- [EXERCISE PROMPT] Pictures stay out of the output. Return exactly the lines below from the one with "this 1600×900 image." down to the one with "Some of the words", both included, and nothing more.

- [RECORD EXCERPTS]
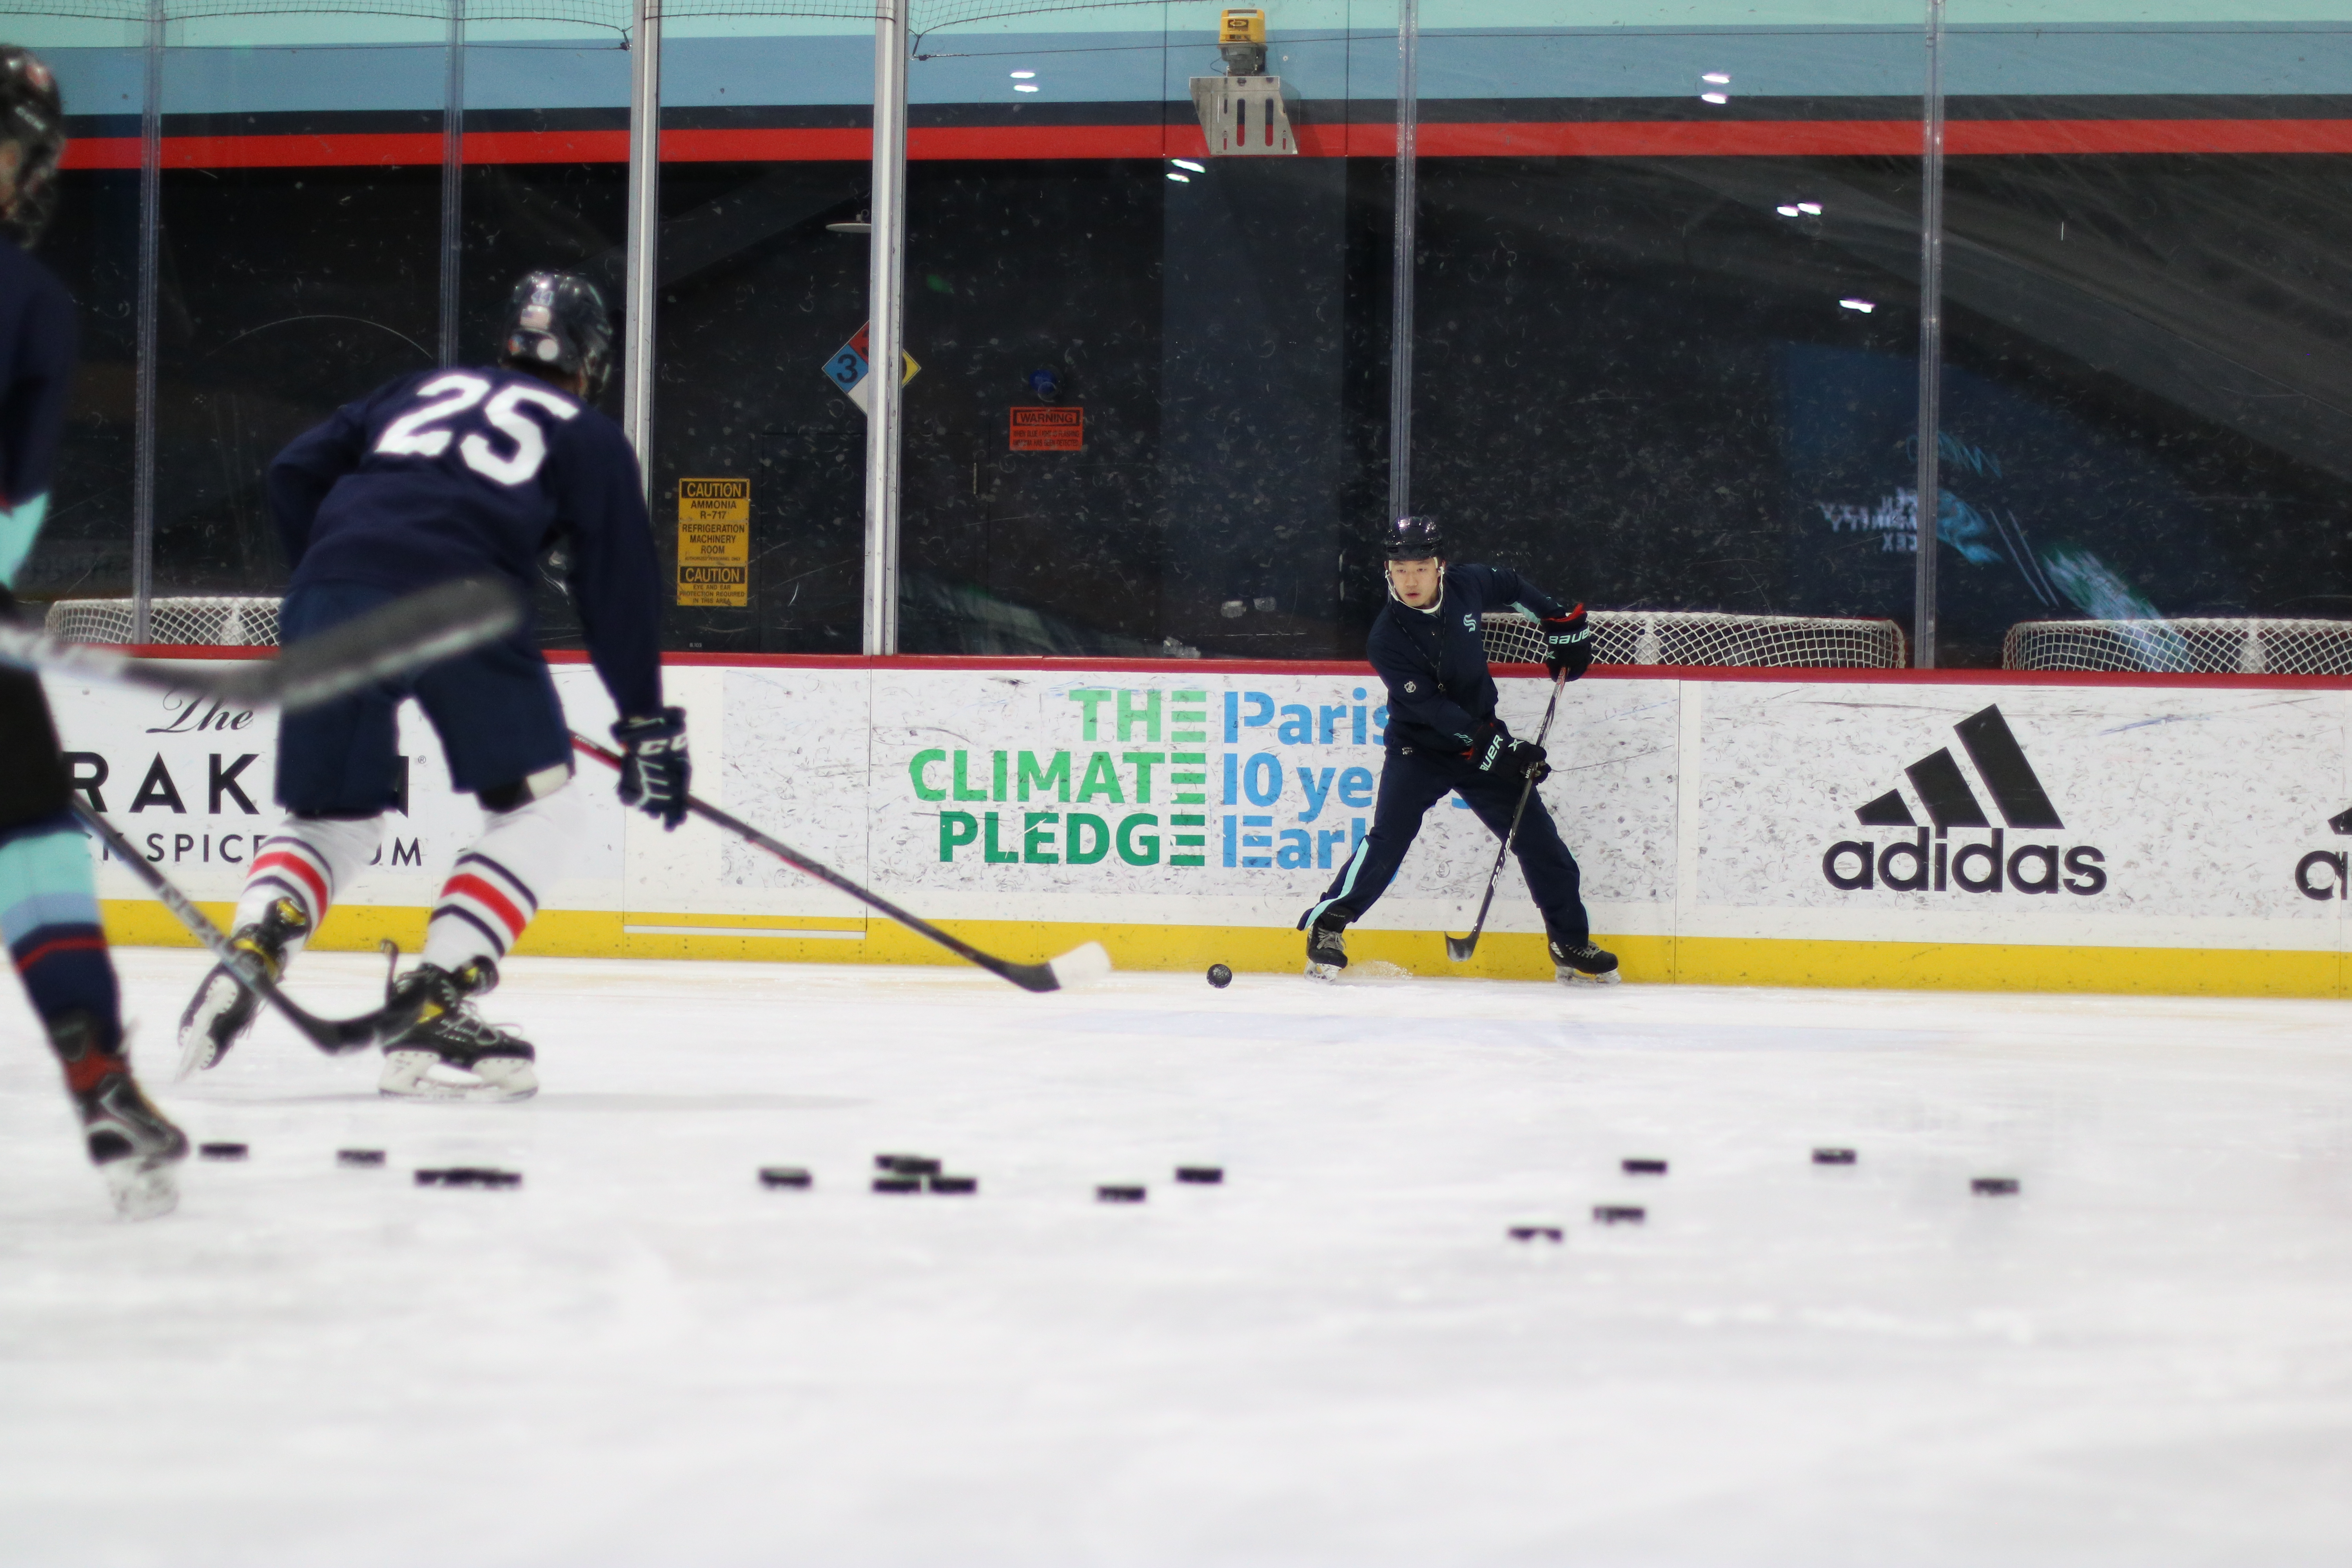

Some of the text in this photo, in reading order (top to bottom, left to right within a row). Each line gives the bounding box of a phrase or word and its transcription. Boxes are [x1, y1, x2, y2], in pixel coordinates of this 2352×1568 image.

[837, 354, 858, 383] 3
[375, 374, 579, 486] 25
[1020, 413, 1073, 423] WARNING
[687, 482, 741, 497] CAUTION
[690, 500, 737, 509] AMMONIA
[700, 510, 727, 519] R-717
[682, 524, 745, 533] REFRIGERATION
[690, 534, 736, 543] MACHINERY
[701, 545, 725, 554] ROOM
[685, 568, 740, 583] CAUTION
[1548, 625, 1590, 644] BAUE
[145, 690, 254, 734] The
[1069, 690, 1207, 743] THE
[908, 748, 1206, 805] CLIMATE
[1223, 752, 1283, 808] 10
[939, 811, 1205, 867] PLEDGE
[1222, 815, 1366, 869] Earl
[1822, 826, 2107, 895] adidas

--

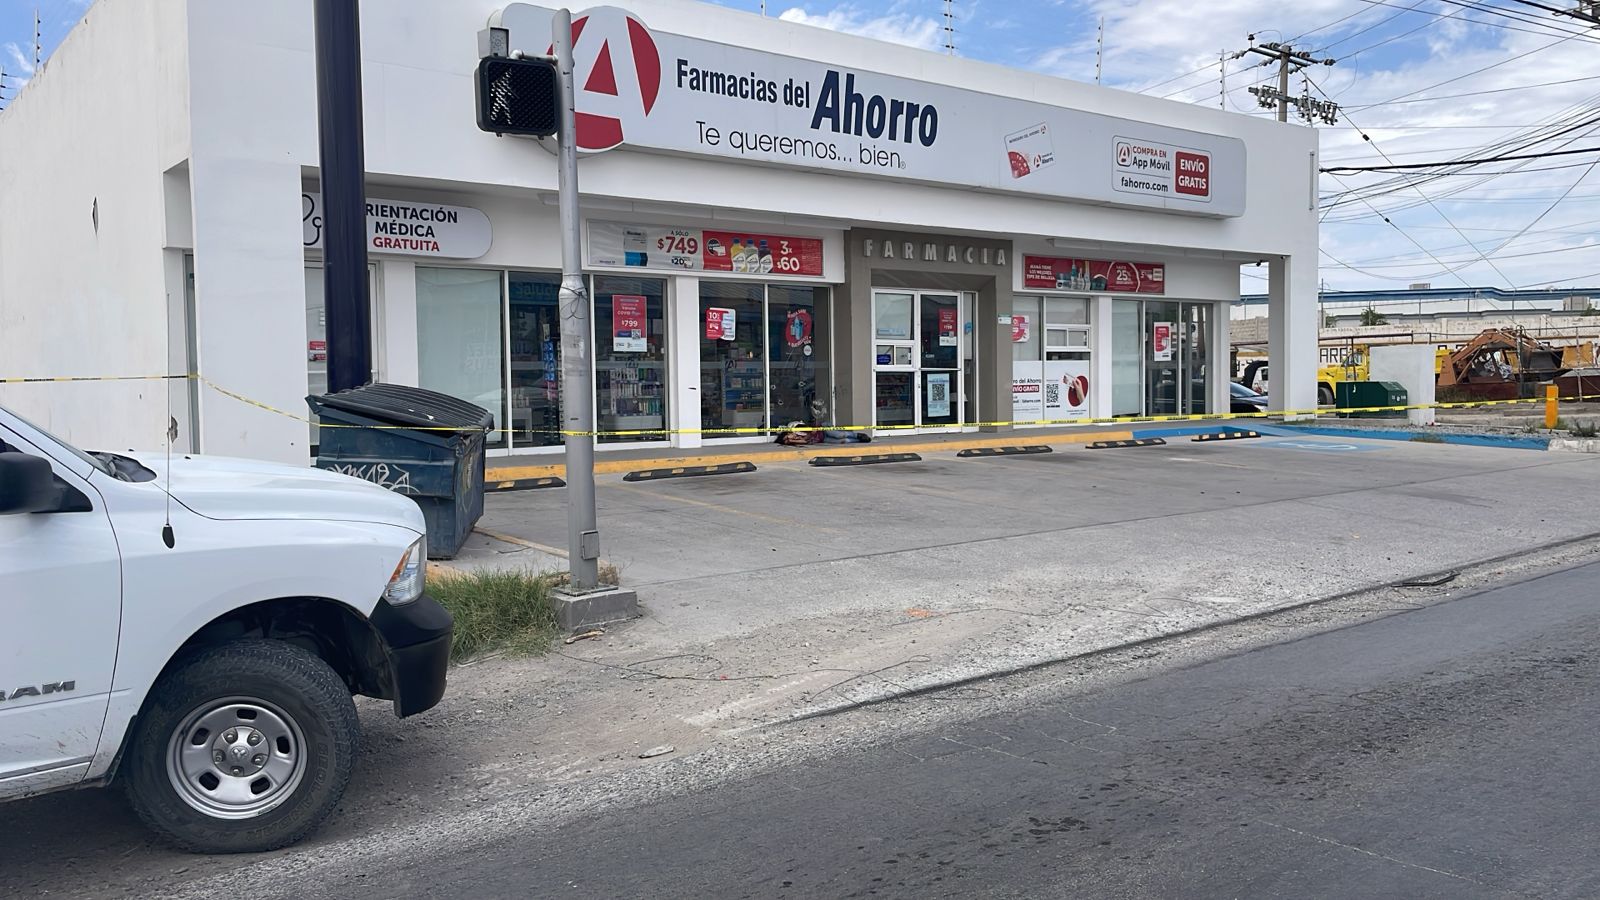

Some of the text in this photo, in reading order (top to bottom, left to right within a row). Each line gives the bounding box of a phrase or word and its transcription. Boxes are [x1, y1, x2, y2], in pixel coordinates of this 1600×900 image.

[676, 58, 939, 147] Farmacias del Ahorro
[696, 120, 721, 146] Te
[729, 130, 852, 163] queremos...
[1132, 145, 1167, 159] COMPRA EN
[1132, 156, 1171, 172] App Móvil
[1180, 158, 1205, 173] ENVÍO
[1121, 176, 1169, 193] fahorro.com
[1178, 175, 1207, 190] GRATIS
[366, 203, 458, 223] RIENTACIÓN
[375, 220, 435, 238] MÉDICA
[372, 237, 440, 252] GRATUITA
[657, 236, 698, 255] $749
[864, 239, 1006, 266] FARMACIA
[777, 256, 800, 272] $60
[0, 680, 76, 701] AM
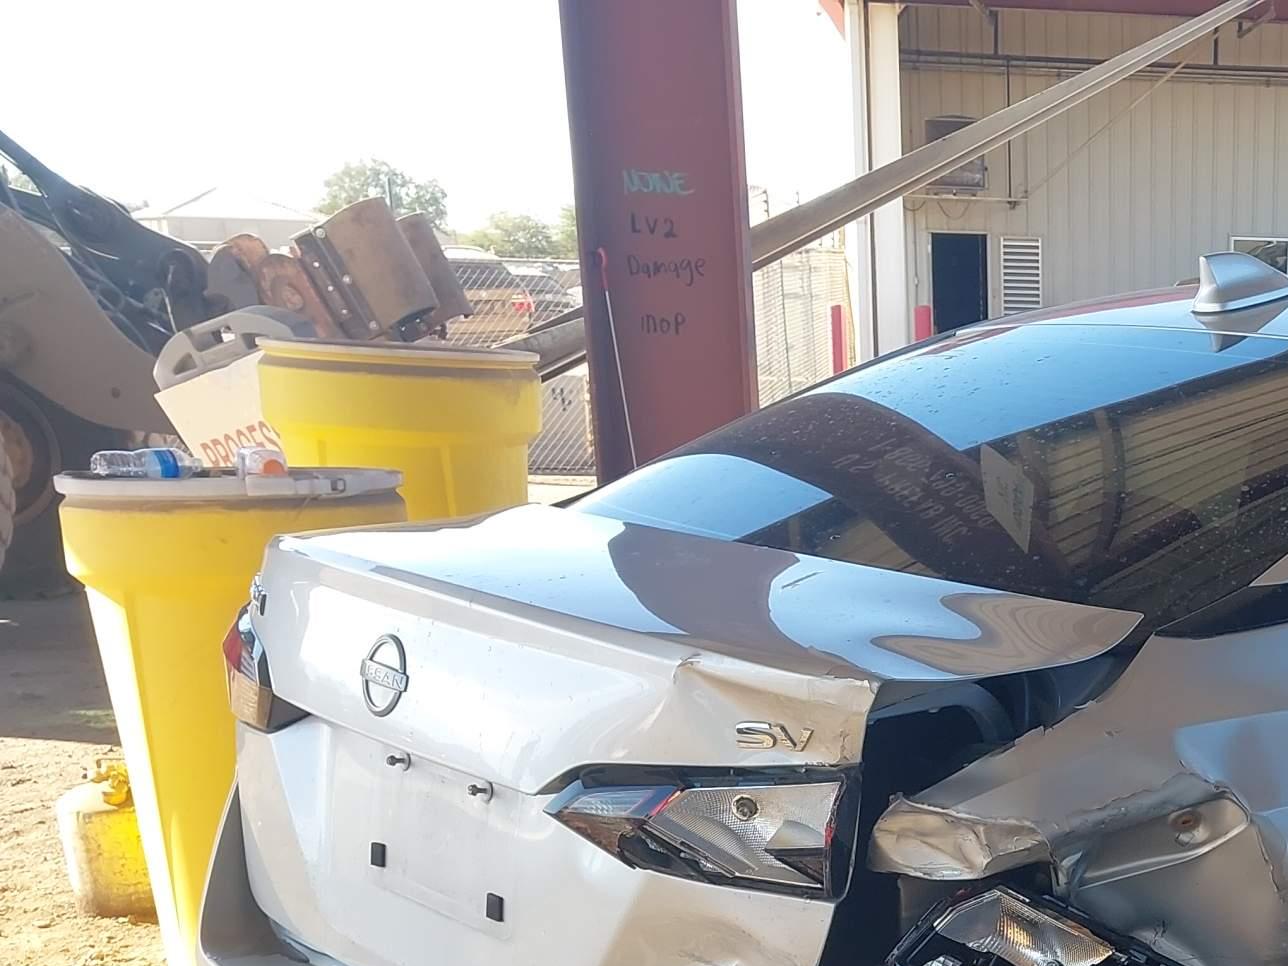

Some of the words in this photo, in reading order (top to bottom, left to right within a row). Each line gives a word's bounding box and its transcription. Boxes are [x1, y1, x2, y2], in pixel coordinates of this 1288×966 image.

- [ANSWER TO THIS PROBLEM]
Some of the text in this photo, in reading order (top to bottom, left to right within a row). Each line gives the bounding box of a phrase or word and its transcription. Boxes are [x1, y1, x2, y2], in pixel coordinates of this 1600×900 image.

[676, 58, 939, 147] Farmacias del Ahorro
[696, 120, 721, 146] Te
[729, 130, 852, 163] queremos...
[1132, 145, 1167, 159] COMPRA EN
[1132, 156, 1171, 172] App Móvil
[1180, 158, 1205, 173] ENVÍO
[1121, 176, 1169, 193] fahorro.com
[1178, 175, 1207, 190] GRATIS
[366, 203, 458, 223] RIENTACIÓN
[375, 220, 435, 238] MÉDICA
[372, 237, 440, 252] GRATUITA
[657, 236, 698, 255] $749
[864, 239, 1006, 266] FARMACIA
[777, 256, 800, 272] $60
[0, 680, 76, 701] AM

Some of the words in this photo, in reading order (top to bottom, left to right within a row). Each line gives a word's bounding box and its transcription. Boxes are [x1, y1, x2, y2], in pixel coordinates of this 1288×966 image.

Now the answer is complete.